Beyond 2023/24 Hong Kong Budget scenario
That day, the Financial Secretary, Mr. Paul Chan, said that due sustained impact brought by the COVID pandemic, geopolitical tensions, supply chain disruptions, elevated inflation, aggressive monetary policy tightening by major central banks across the globe, and soaring interest rates, negative economic growth of 3.2% and a fiscal deficit of more than $100 billion are forecasted for 2022 financial year.
In 2023, while Hong Kong’s economy will likely gather steam as its connections and exchanges with Mainland China and rest of the world gradually resume, the external environment will remain complex and challenging, Chan said.

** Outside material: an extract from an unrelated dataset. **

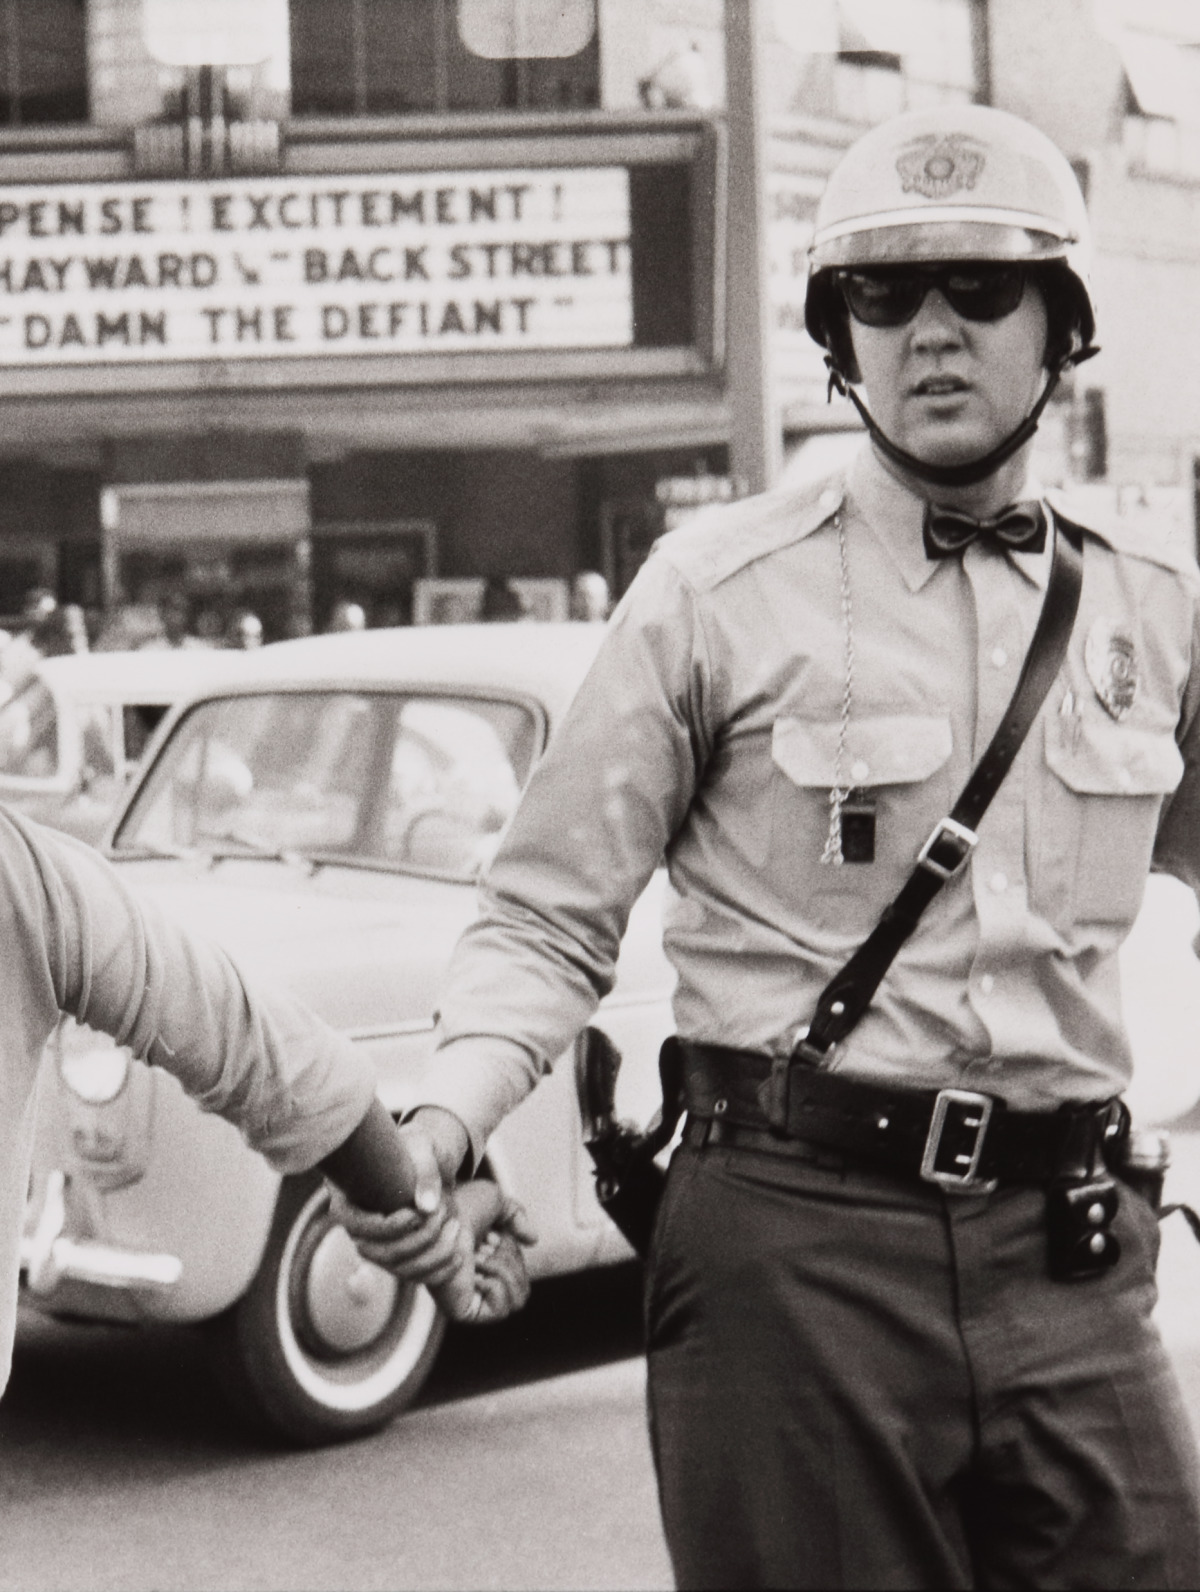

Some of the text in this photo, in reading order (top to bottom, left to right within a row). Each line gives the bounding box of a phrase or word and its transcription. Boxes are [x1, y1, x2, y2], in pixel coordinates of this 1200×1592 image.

The goal in working on the Budget is to take a forward-looking approach for economy recovery, setting out plan for Hong Kong’s long-term development, to strengthen city’s revival while addressing people’s concerns, and to create a strong impetus for growth, making good use of resources for stabilizing and stimulating the economy as well as easing the pressure on members of the public and businesses.
Different sectors expressed concerns about Hong Kong’s fiscal position, and took the view that the Government should reduce expenditure and lower the level of fiscal deficit, thus avoiding a further drop in fiscal reserves, with HK$109 billion budget deficit estimated for 2022/2023, and HK$848.1 billion fiscal reserves estimated as at 31 March 2023, approximately twelve months’ worth of Government spending.

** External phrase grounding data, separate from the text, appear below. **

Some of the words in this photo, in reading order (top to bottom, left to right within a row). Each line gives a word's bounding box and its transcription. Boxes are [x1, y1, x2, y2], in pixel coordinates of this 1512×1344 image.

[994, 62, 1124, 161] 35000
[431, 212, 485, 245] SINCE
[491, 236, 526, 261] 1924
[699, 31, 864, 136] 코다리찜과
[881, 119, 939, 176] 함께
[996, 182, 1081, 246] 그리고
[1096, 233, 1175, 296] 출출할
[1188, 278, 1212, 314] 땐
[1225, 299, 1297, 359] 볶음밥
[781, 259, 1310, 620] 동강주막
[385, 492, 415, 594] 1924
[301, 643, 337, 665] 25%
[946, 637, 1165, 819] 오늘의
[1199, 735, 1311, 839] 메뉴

Some others saw that the economy is still sluggish, and small to medium enterprises as well as individuals, especially that of the grassroots, are still under pressure. Members of the public are expecting additional resources to promote social and economic development in future, and relief measures as part of the counter-cyclical measures taken by the Government.
Despite the complicated and volatile external environment, the business sector in general has become more optimistic about economic recovery this year. It is important to set our sights far enough so that we can see the trend of future development opportunities and challenges.
That said, at this stage it would be desirable for Government to provide financial support to businesses and individuals, implementing a 100% tax reduction for 2022/23 personal assessment tax, salaries tax, and profits tax, with a cap of HKD25,000 per case. Due to the recent rise in interest rates, it is recommendable increasing the deduction cap for home loan interest to HKD150,000 per year and extending the maximum deduction period to 25 years. The deduction cap for domestic rent should also be adjusted in the same way.
Besides, the Government should attract businesses, investments and talents, introducing competitive tax and financial incentives for companies, trading or intellectual property hubs choosing Hong Kong as their regional headquarters, including e-tax filing systems and tools to facilitate taxpayers’ s compliance, as well as reconsidering the possibility of resuming the Capital Investment Entrant Scheme (CIES).
Moreover, the Government could attract overseas talent, by offering incentives such as cash bonuses, housing subsidies, tax deductions for children’s education, a better tax relief on double taxes, and assistance in registering talent’s self-developed intellectual property for starting their business in Hong Kong through a one-stop shop.
Additionally, the Government shall strengthen Hong Kong’s traditional advantages and develop emerging industries, unified fund exemptions should be extended to institutional asset owners, private fixed income and credit funds, while tax and financial incentives should be considered in order to encourage financing of environmental, social and governance (ESG) projects. Furthermore, a tax policy should be developed to address emerging industries, such as metaverse, web 3.0, and digital assets.